The GA contributions made by the Typhoon made it an invaluable weapon in the British war chest, in spite of it's limited range. Add to that, it being a formidible adversary in a gunfight along with it's ability to absorbe damage on a level of the P-47 adds to it's value.

There were a great deal of other aircraft that the British fielded, that could have been done without, but saying they didn't need the Tiffy is like saying the U.S. had no use for the P-47.


----------



## Koopernic (May 22, 2015)

GrauGeist said:


> I would perhaps rethink that, since the Tiffy was a beast and could be compared to the Thunderbolt in regards to ruggedness, warload and being capable of scouring the enemy from the face of the earth.



So rugged its tail broke off, it never was faster than the Fw 190 at any altitude despite the boasts, fancy engine and best fuels and I doubt 4 Hispanos are much more powefull than 4 Mg 151/20 plus a pair of Machine guns. It didn't even offer much range.  Napiers would be better utilised making 2 speed Merlins which might have improved the Spitfire V. It might justify itself in leading to the tempest V but you didn't need to produce it.

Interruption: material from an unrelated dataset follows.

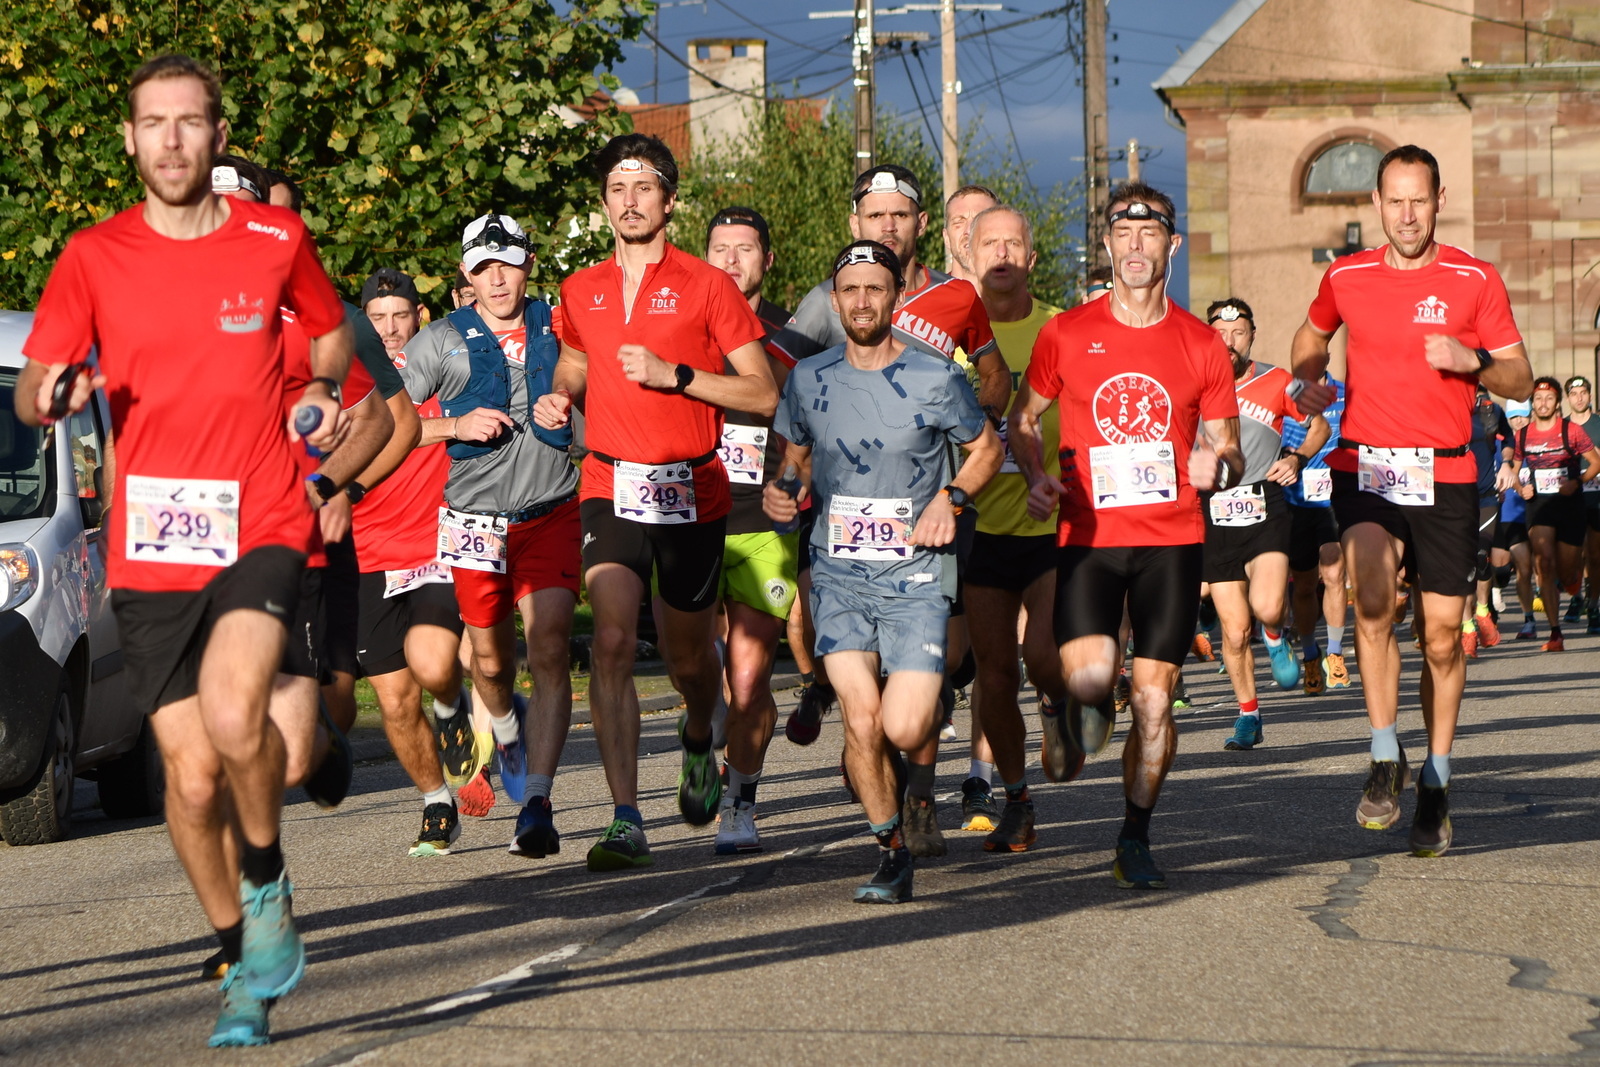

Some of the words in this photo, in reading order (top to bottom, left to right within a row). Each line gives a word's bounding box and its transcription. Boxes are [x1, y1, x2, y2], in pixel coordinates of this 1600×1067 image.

Think of the long range spitfire viii that might have been built as well.

Interestingly it was cancelled, twice. Once was rescinded when the Fw 190 appeared.

You might have gotten two spitfires for every typhoon.


----------



## GregP (May 22, 2015)

Hi Koopernic,

For a thread I originally didn't think would generate much interest, this is turning out very interesting. You never know, and that's why we read them all ... to see what gets generated.

Got any more great ideas?

I have to disagree with the "P-40Q couldn't add much" idea, but that's OK. It looks like none of us would do exactly the same thing. That's why the people in power at the time made all the difference ... they did what THEY thought was right.


----------



## Koopernic (May 22, 2015)

wiking85 said:


> With hindsight the He177, Me163, He162, Me210 (before tooling, just wait for the 410), Ta-154, He-219, Ju288 (before it started tooling and its engine), and Ju290.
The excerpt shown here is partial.